DATA RECORDS:
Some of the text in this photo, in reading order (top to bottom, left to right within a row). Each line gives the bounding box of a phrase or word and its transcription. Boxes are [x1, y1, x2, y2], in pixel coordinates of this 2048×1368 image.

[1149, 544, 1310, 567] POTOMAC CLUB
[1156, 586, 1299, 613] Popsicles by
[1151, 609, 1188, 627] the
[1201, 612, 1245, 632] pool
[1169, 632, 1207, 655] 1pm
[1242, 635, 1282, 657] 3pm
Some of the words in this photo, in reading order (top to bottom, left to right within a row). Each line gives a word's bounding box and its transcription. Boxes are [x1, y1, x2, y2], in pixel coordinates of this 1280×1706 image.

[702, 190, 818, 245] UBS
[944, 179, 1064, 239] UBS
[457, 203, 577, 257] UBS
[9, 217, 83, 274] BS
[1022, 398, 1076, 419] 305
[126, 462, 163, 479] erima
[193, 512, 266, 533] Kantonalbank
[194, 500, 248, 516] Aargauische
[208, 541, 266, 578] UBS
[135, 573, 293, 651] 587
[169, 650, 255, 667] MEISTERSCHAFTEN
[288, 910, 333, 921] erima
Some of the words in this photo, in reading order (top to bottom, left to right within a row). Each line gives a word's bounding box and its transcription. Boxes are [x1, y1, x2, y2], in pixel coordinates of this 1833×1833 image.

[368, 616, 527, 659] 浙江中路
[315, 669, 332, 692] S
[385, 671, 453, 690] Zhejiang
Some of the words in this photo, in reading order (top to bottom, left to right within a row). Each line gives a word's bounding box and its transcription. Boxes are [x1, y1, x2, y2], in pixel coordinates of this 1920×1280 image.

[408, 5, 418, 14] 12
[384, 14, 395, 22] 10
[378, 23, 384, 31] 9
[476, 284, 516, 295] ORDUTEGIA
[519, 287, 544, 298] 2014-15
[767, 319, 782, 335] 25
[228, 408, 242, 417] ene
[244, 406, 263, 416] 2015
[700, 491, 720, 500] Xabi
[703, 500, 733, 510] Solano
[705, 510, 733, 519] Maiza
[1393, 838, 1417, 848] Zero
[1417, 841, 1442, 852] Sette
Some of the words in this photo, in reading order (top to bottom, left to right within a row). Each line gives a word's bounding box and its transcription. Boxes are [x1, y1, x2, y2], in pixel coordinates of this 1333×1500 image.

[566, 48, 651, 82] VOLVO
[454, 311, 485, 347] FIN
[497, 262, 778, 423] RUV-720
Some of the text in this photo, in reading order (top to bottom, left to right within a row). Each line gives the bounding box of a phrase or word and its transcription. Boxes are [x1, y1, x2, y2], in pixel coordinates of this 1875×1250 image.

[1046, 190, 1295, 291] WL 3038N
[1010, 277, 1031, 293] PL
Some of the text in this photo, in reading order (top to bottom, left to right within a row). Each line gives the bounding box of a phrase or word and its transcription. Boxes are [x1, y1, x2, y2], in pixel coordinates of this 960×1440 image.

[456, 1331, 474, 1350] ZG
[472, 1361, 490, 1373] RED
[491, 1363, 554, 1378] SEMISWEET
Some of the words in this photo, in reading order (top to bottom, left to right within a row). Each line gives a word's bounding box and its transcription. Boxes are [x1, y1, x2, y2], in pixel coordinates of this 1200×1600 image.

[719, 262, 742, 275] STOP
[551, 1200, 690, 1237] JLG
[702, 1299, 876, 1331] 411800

WHAT IS NEEDED:
Write out, please, all of the material above exactly as written.

TASK ANSWER:
Some of the text in this photo, in reading order (top to bottom, left to right within a row). Each line gives the bounding box of a phrase or word and its transcription. Boxes are [x1, y1, x2, y2], in pixel coordinates of this 2048×1368 image.

[1149, 544, 1310, 567] POTOMAC CLUB
[1156, 586, 1299, 613] Popsicles by
[1151, 609, 1188, 627] the
[1201, 612, 1245, 632] pool
[1169, 632, 1207, 655] 1pm
[1242, 635, 1282, 657] 3pm
Some of the words in this photo, in reading order (top to bottom, left to right within a row). Each line gives a word's bounding box and its transcription. Boxes are [x1, y1, x2, y2], in pixel coordinates of this 1280×1706 image.

[702, 190, 818, 245] UBS
[944, 179, 1064, 239] UBS
[457, 203, 577, 257] UBS
[9, 217, 83, 274] BS
[1022, 398, 1076, 419] 305
[126, 462, 163, 479] erima
[193, 512, 266, 533] Kantonalbank
[194, 500, 248, 516] Aargauische
[208, 541, 266, 578] UBS
[135, 573, 293, 651] 587
[169, 650, 255, 667] MEISTERSCHAFTEN
[288, 910, 333, 921] erima
Some of the words in this photo, in reading order (top to bottom, left to right within a row). Each line gives a word's bounding box and its transcription. Boxes are [x1, y1, x2, y2], in pixel coordinates of this 1833×1833 image.

[368, 616, 527, 659] 浙江中路
[315, 669, 332, 692] S
[385, 671, 453, 690] Zhejiang
Some of the words in this photo, in reading order (top to bottom, left to right within a row). Each line gives a word's bounding box and its transcription. Boxes are [x1, y1, x2, y2], in pixel coordinates of this 1920×1280 image.

[408, 5, 418, 14] 12
[384, 14, 395, 22] 10
[378, 23, 384, 31] 9
[476, 284, 516, 295] ORDUTEGIA
[519, 287, 544, 298] 2014-15
[767, 319, 782, 335] 25
[228, 408, 242, 417] ene
[244, 406, 263, 416] 2015
[700, 491, 720, 500] Xabi
[703, 500, 733, 510] Solano
[705, 510, 733, 519] Maiza
[1393, 838, 1417, 848] Zero
[1417, 841, 1442, 852] Sette
Some of the words in this photo, in reading order (top to bottom, left to right within a row). Each line gives a word's bounding box and its transcription. Boxes are [x1, y1, x2, y2], in pixel coordinates of this 1333×1500 image.

[566, 48, 651, 82] VOLVO
[454, 311, 485, 347] FIN
[497, 262, 778, 423] RUV-720
Some of the text in this photo, in reading order (top to bottom, left to right within a row). Each line gives the bounding box of a phrase or word and its transcription. Boxes are [x1, y1, x2, y2], in pixel coordinates of this 1875×1250 image.

[1046, 190, 1295, 291] WL 3038N
[1010, 277, 1031, 293] PL
Some of the text in this photo, in reading order (top to bottom, left to right within a row). Each line gives the bounding box of a phrase or word and its transcription. Boxes are [x1, y1, x2, y2], in pixel coordinates of this 960×1440 image.

[456, 1331, 474, 1350] ZG
[472, 1361, 490, 1373] RED
[491, 1363, 554, 1378] SEMISWEET
Some of the words in this photo, in reading order (top to bottom, left to right within a row). Each line gives a word's bounding box and its transcription. Boxes are [x1, y1, x2, y2], in pixel coordinates of this 1200×1600 image.

[719, 262, 742, 275] STOP
[551, 1200, 690, 1237] JLG
[702, 1299, 876, 1331] 411800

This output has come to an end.